(lire ici) :
Le quotidien britannique The Guardian s'apprête à lancer un nouveau mensuel aux États-Unis. Le rédacteur en chef de ce magazine a ceci d'étonnant que c'est un robot ou, plus précisément, un robot logiciel.
Des algorithmes choisiront les articles qui seront publiés dans chaque numéro. À la manière de services tels que Paper.li ou Scoop.it, le choix des articles sera dicté par le nombre de partages Facebook ou de tweets générés.
Des algorithmes choisiront les articles qui seront publiés dans chaque numéro.

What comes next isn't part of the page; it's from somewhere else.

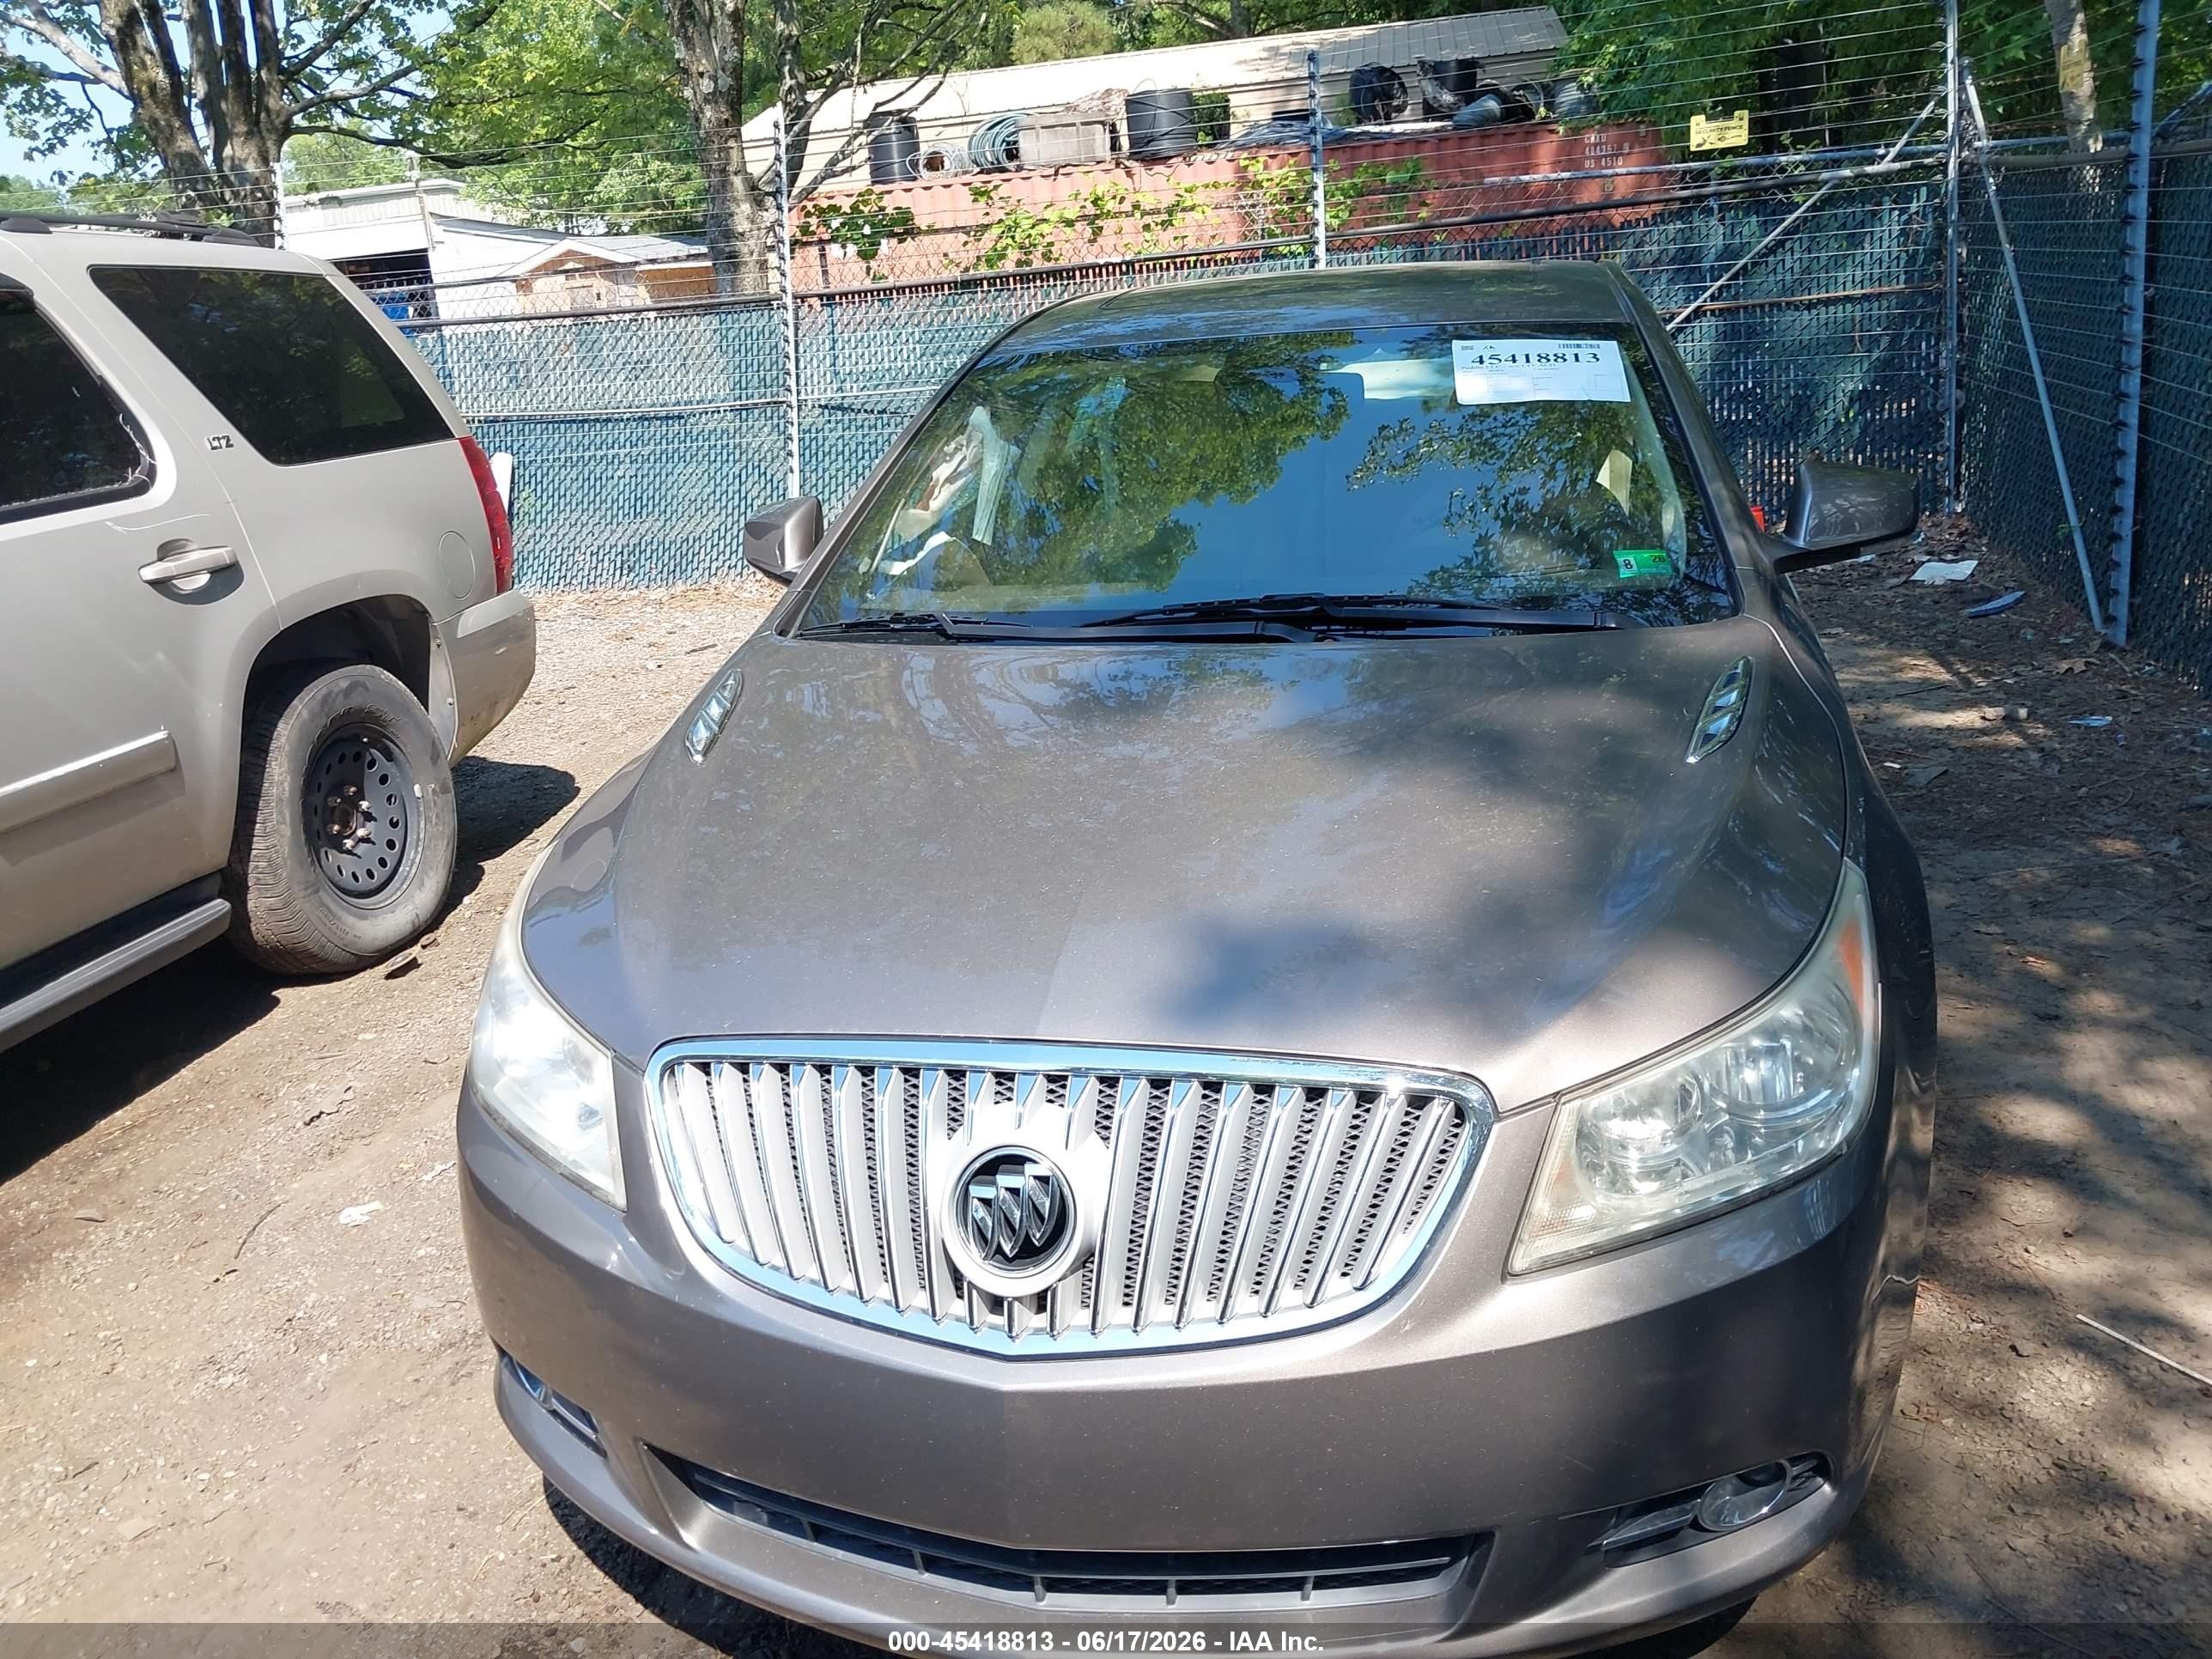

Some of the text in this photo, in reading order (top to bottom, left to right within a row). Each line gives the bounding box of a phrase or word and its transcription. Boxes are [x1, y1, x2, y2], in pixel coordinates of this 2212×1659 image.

[1601, 155, 1623, 167] 4510
[1470, 352, 1601, 365] 45418813
[206, 434, 234, 450] LTZ
[1623, 558, 1633, 569] 8

À la manière de services tels que Paper.li ou Scoop.it, le choix des articles sera dicté par le nombre de partages Facebook ou de tweets générés.

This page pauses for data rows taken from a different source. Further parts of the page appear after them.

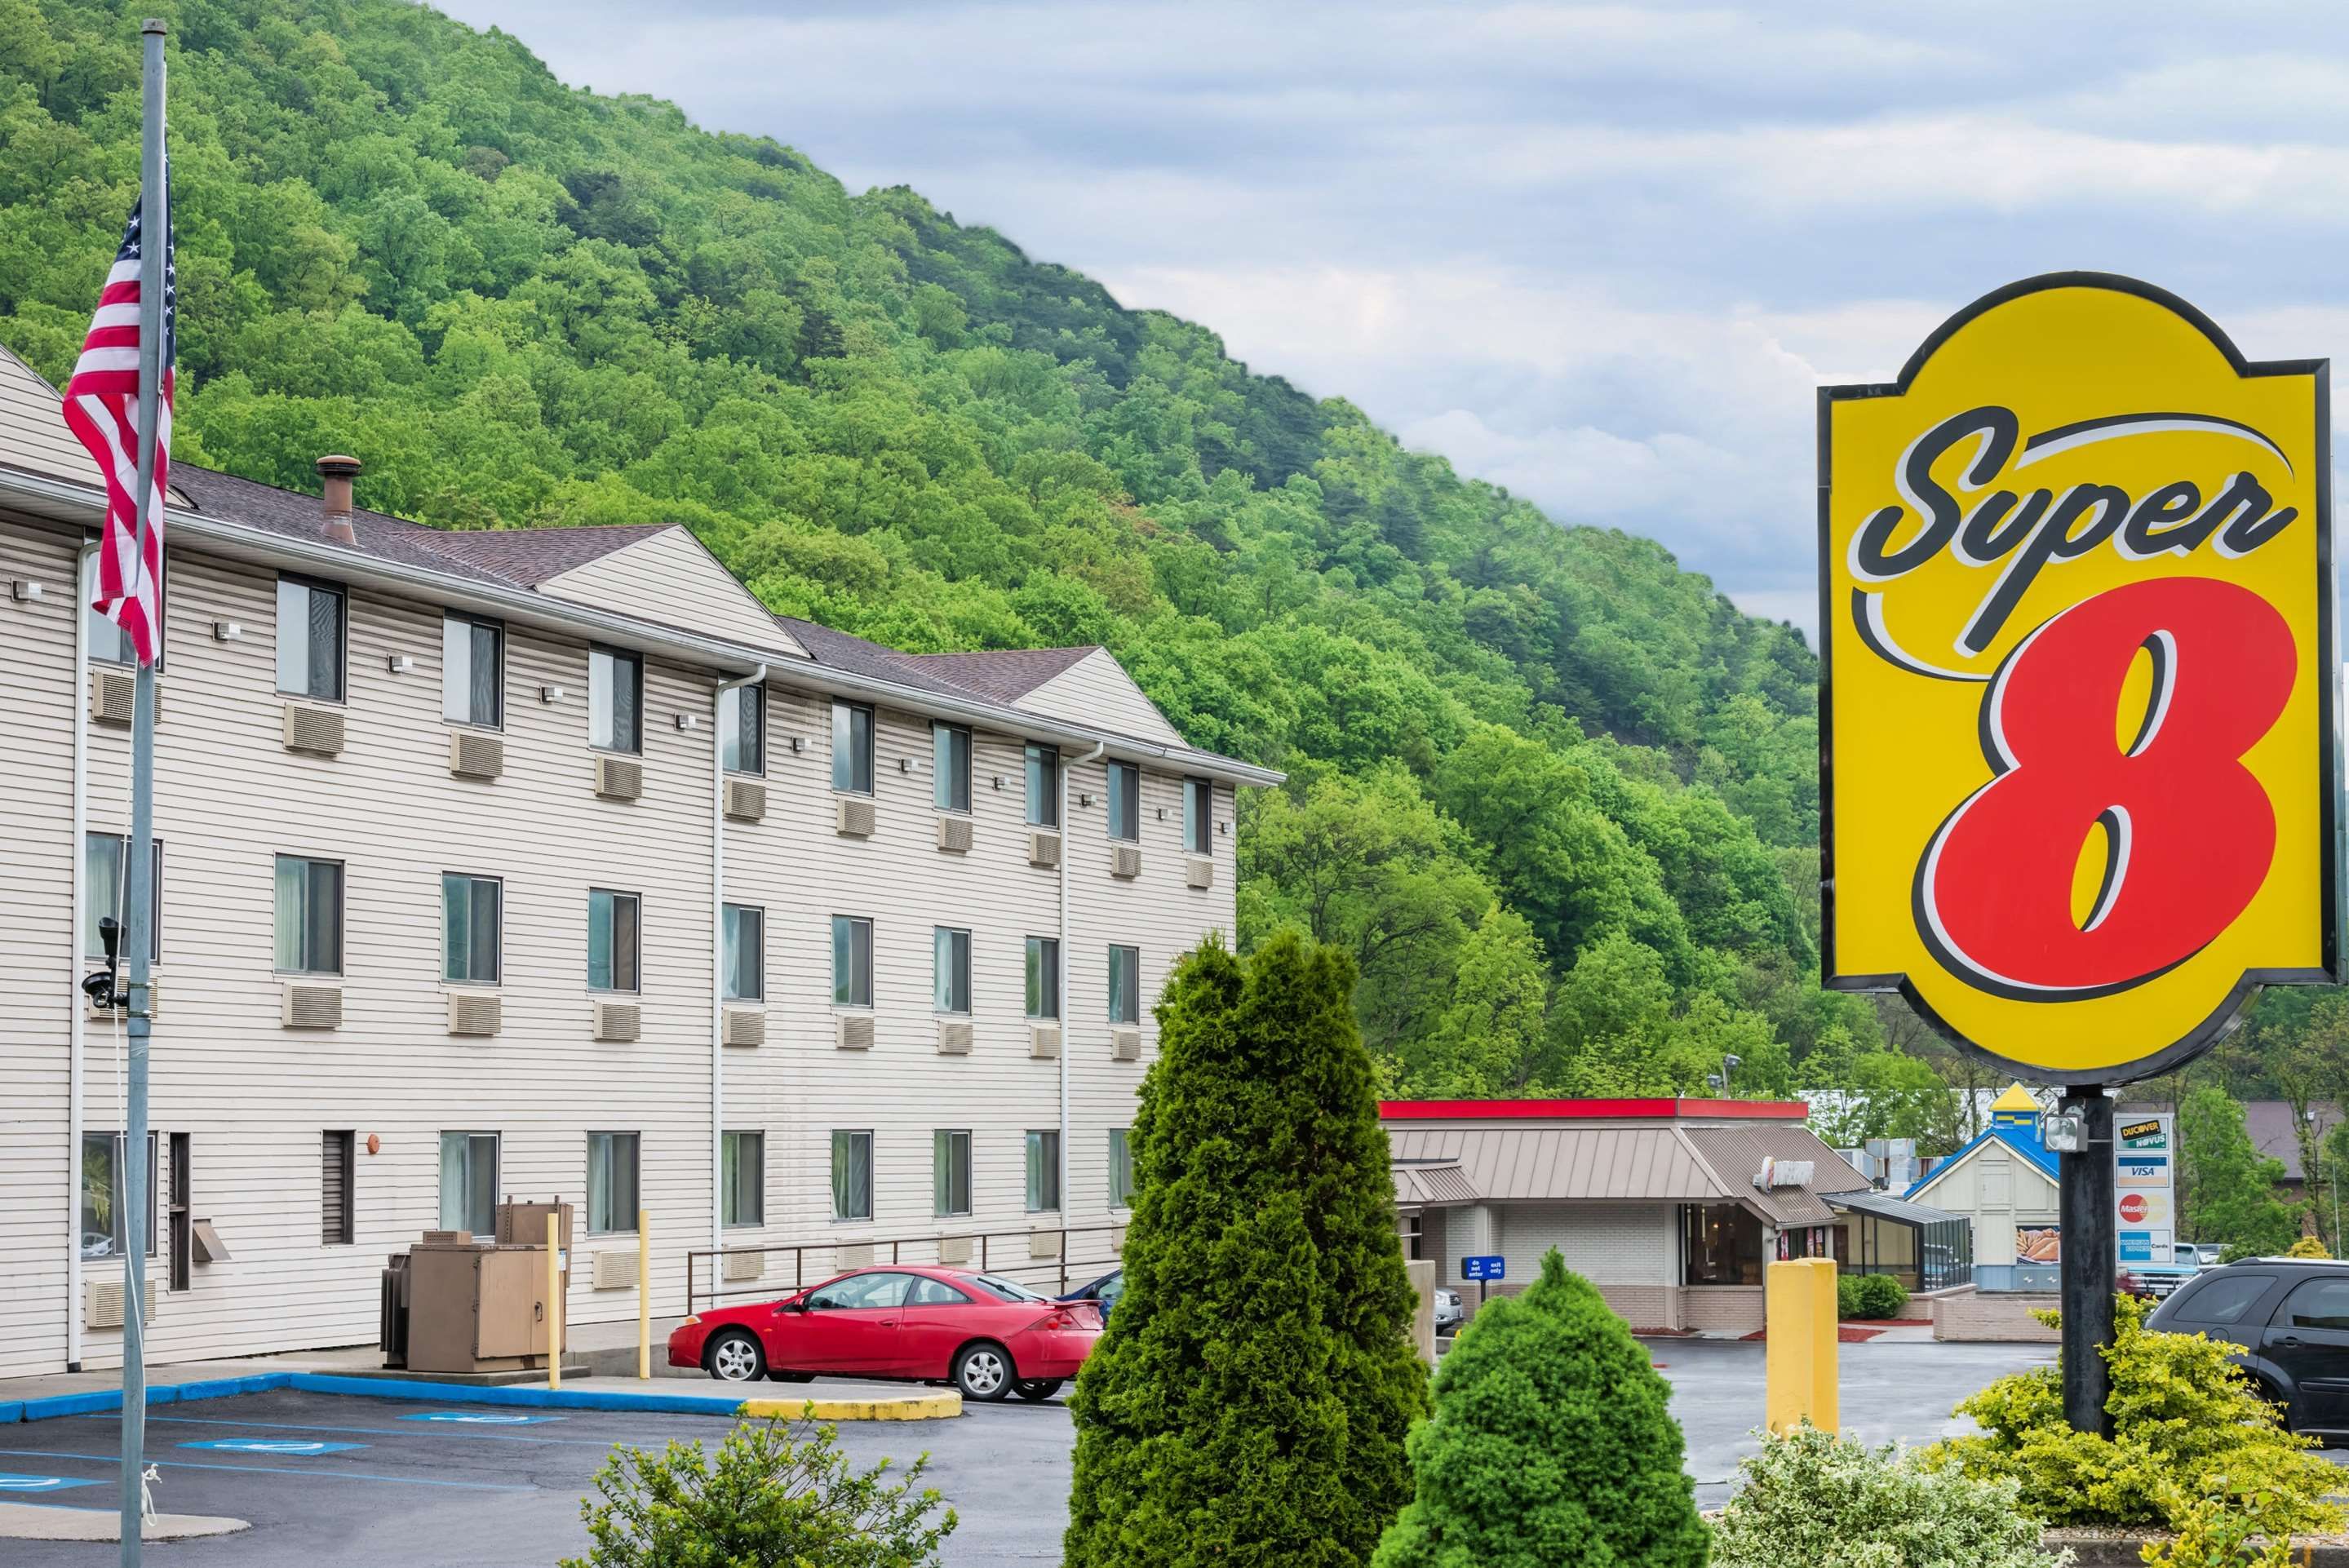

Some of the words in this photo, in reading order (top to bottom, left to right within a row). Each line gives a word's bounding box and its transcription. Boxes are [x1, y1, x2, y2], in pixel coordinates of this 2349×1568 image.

[1848, 405, 2298, 658] Super
[1912, 577, 2298, 1003] 8
[2122, 1122, 2159, 1136] DISCOVER
[2136, 1135, 2165, 1148] NOVUS
[2131, 1167, 2155, 1176] VISA

Ainsi donc il ne serait plus question de lire des articles d'investigation rédigés par des journalistes, des intellectuels, des penseurs dont on connaît les travaux de recherche et les fondements de leur pensée, mais seulement d'être informé de ce qui plaît le plus sur les réseaux sociaux...

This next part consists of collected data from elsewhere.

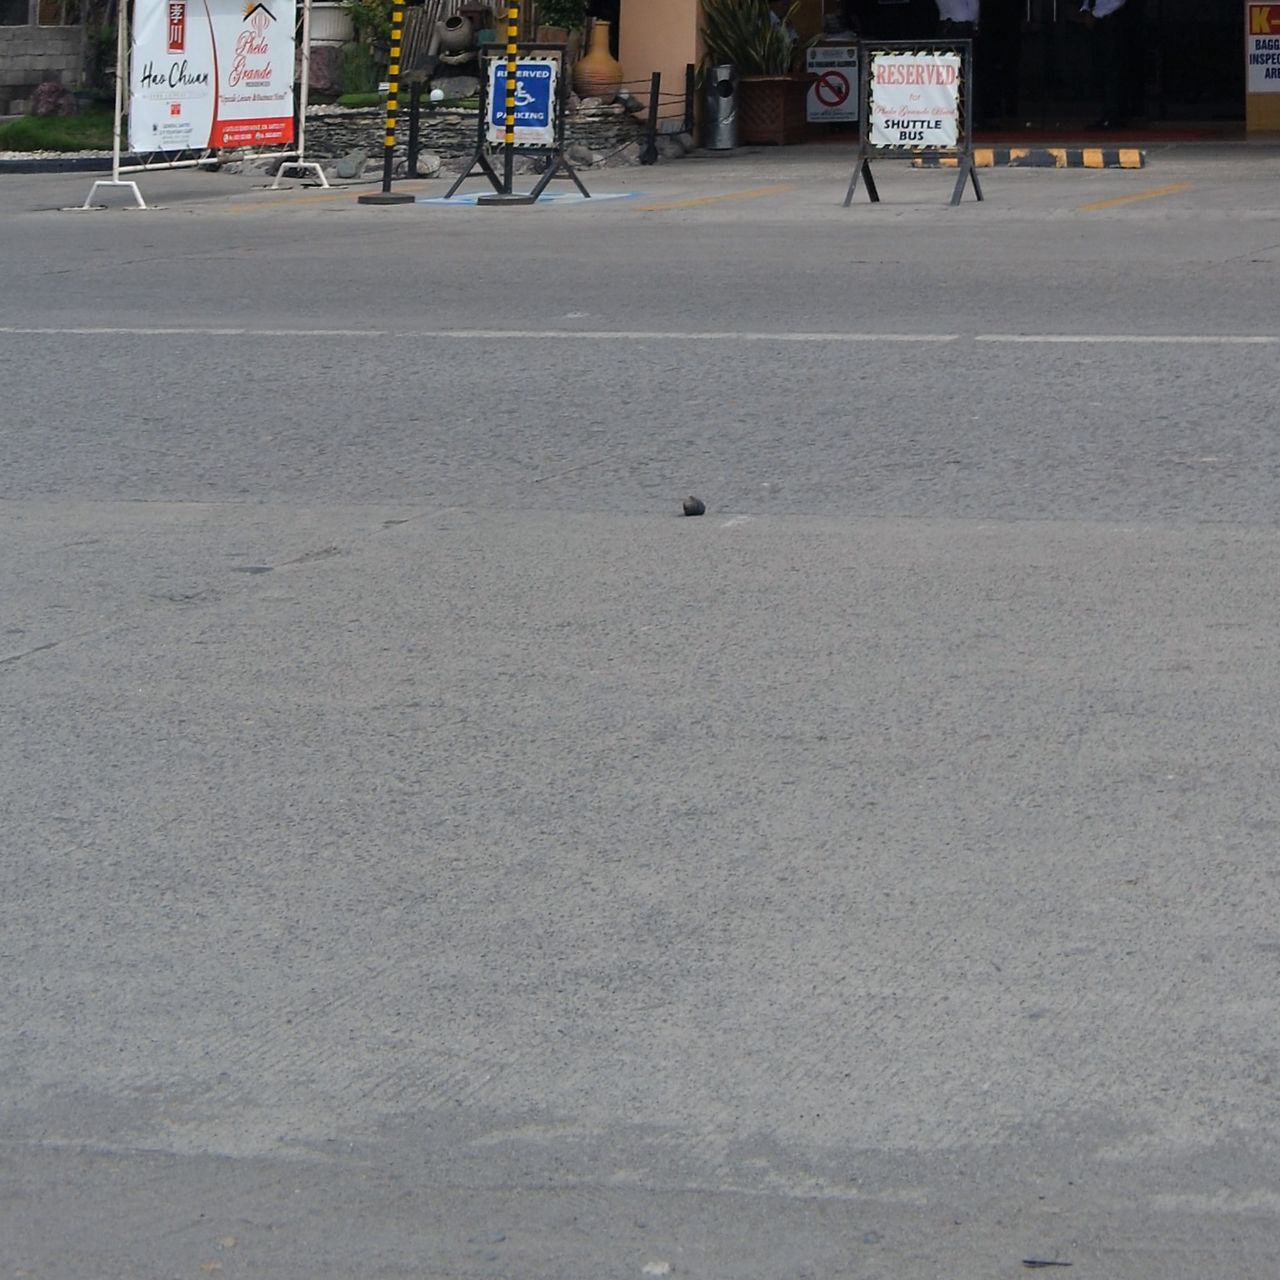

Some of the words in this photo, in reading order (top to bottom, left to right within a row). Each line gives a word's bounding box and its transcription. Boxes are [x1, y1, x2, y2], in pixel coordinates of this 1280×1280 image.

[235, 29, 269, 56] Phela
[140, 60, 166, 89] Hao
[168, 59, 209, 89] Chuan
[228, 55, 273, 88] Grande
[876, 64, 956, 85] RESERVED
[884, 119, 942, 130] SHUTTLE
[899, 131, 925, 141] BUS

1) La question de savoir s'il est possible de "manipuler" les retweets et le nombre de partages n'est pas abordé (puisque tout le monde sait bien que ces données sont complètement falsifiées : c'est le propriétaire d'un restaurant qui met le plus grand nombre de commentaires élogieux sur son enseigne sur Facebook ou Twitter ; ce sont les rédacteurs des articles sur les sites tels que l'Internaute ou bien d'autres qui ajoutent de nombreux commentaires faisant croire au succès phénoménal de leurs publications...) ;
2) la question de savoir si les lecteurs doivent être considérés seulement comme des "consommateurs" naïfs et grégaires n'est pas soulevée ;
3) la question du rôle des journalistes dans une société au 21e siècle est évacuée : leur rôle est-il d'apporter un complément d'informations avec une grille de lecture sur des événements, sélectionner une information et son contexte permettant d'en comprendre tous les aspects, aller dénicher des informations en dehors des sentiers battus... ou bien abandonneront-ils le navire acceptant que leurs lecteurs ne soient lobotomisés et se bornent à faire comme leurs congénères répétant tels des perroquets stupides les mêmes informations stériles qu'on leur a servies en vue d'abrutir davantage les individus...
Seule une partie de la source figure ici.